This fantastic holiday takes in volcanoes, hot springs, markets and Inca ruins.
Energetic morning walks are followed by relaxing afternoons in beautiful locations.
We spend evenings enjoying free time in a traditional, cosy hacienda or hotel, leaving you refreshed for the next day’s hiking adventure.
Altitudes reached are not overly high, so this is a perfect tour for those looking to combine activity with culture.
Join others on a small group tour or book a private one to suit (variations available).
This week-long itinerary take in both the north and south of Ecuador.
After leaving Quito, we head north and visit the equator before visiting typical Andean towns and hiking beautiful highland lakes.
We walk around Cuicocha’s impressive turquoise crater lake and visit the famous Otavalo market.
Travelling south, we visit the hot springs of Papallacta and then Cotopaxi National Park.
The tour ends in Baños, trekking beautiful, little known trails then enjoying this lively town.
Visit the top walking highlights in Ecuador with this one-week tour.

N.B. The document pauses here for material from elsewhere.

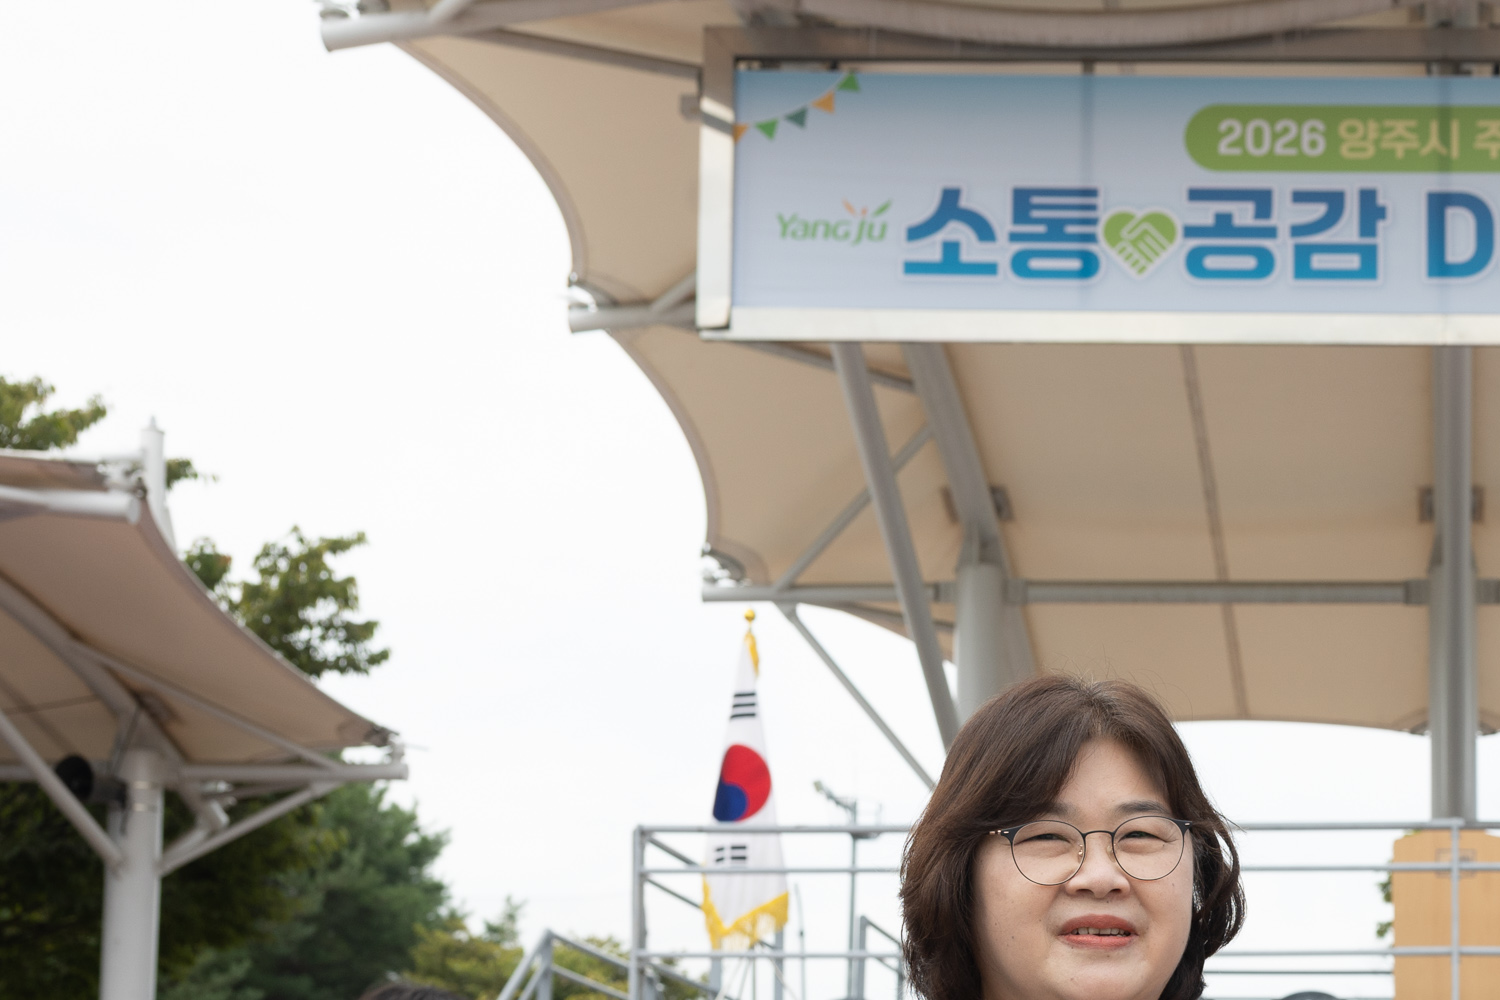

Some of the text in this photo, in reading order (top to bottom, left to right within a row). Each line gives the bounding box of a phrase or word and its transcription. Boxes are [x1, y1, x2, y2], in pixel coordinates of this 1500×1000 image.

[1216, 118, 1328, 158] 2026
[1338, 118, 1461, 160] 양주시
[902, 187, 1101, 280] 소통
[1182, 187, 1387, 280] 공감

Hike the best trails both in the north and south of the country.
Visit hot springs, Andean markets and the equator.
Walk around volcanic lakes and craters among dramatic scenery.
Visit the famous Cotopaxi National Park.
The guides on the mainland were fantastic, well informed, excellent English and enthusiastic - especially Andres. Such a beautiful and varied country. The itinerary was perfect and all the arrangements worked well.
L. Course, Ecuador
An early start, we’ll pick you up from your Quito hotel (not included, we can book these for you if required), and travel north.

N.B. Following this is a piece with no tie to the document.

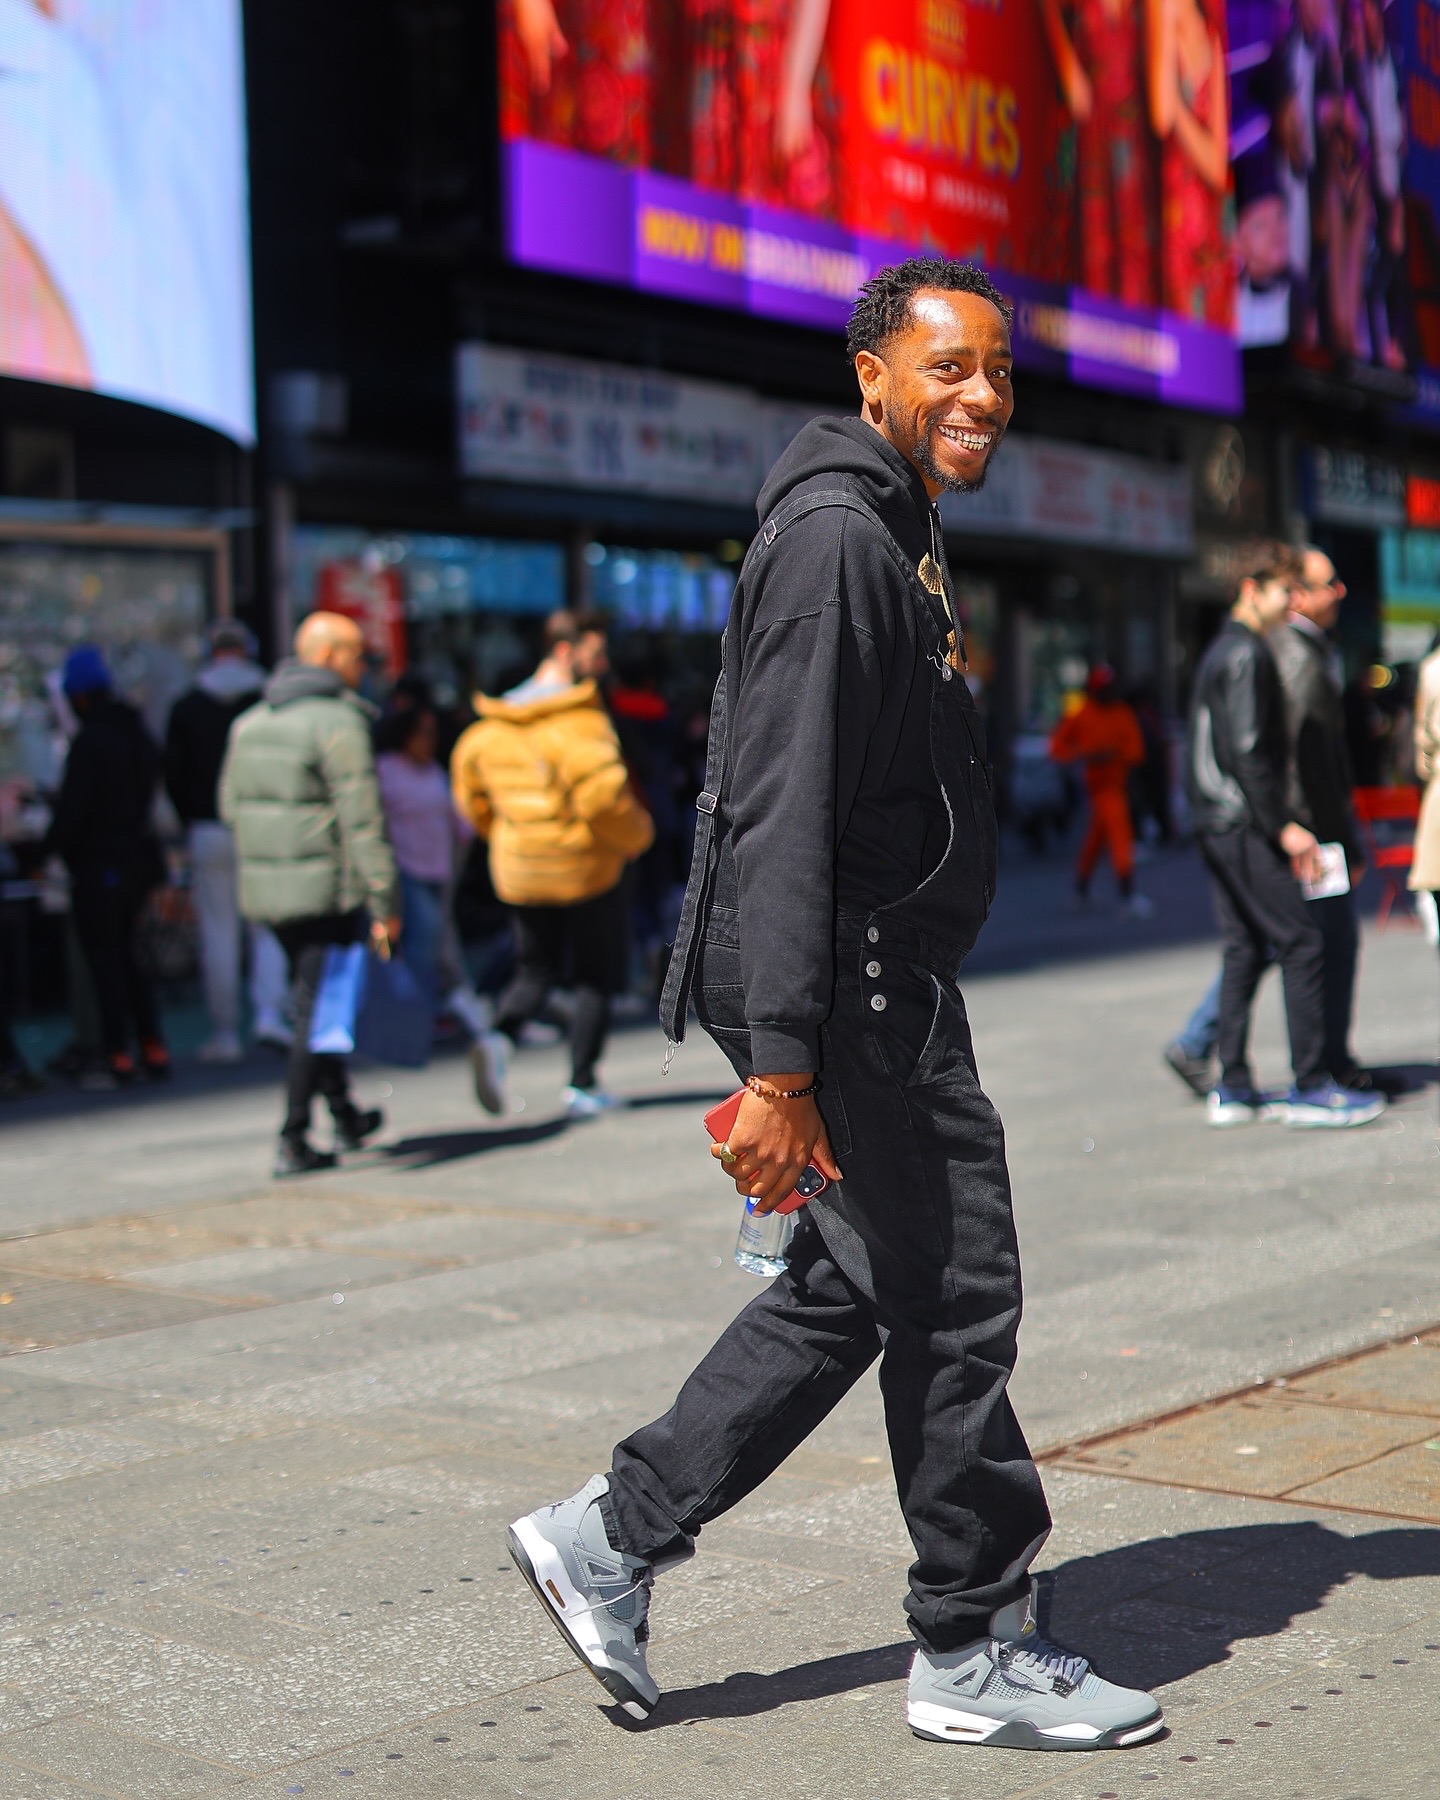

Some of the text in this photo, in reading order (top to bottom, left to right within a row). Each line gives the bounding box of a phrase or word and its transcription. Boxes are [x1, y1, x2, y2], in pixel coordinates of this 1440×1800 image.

[862, 38, 1020, 178] CURVES
[641, 205, 707, 265] NOW
[709, 219, 746, 274] ON

We stop at the Quitsato Museum with its unique sundial, located exactly on the equator line. Your guide will explain the importance of the line to modern and ancient civilisations.
After lunch near San Pablo lake, we walk along the foothills of the imposingly beautiful Imbabura Volcano, passing by local farmlands & through surrounding communities, observing the everyday life of the colourful Otavaleñan people and enjoying stunning lake views.
We arrive later that afternoon at Las Palmeras, our base for two nights.
Distance: 7km / 4.3 miles
Time: 2.5 hours
Our route takes us along the rim of the striking Cuicocha Volcano, with its captivating blue-green crater lake.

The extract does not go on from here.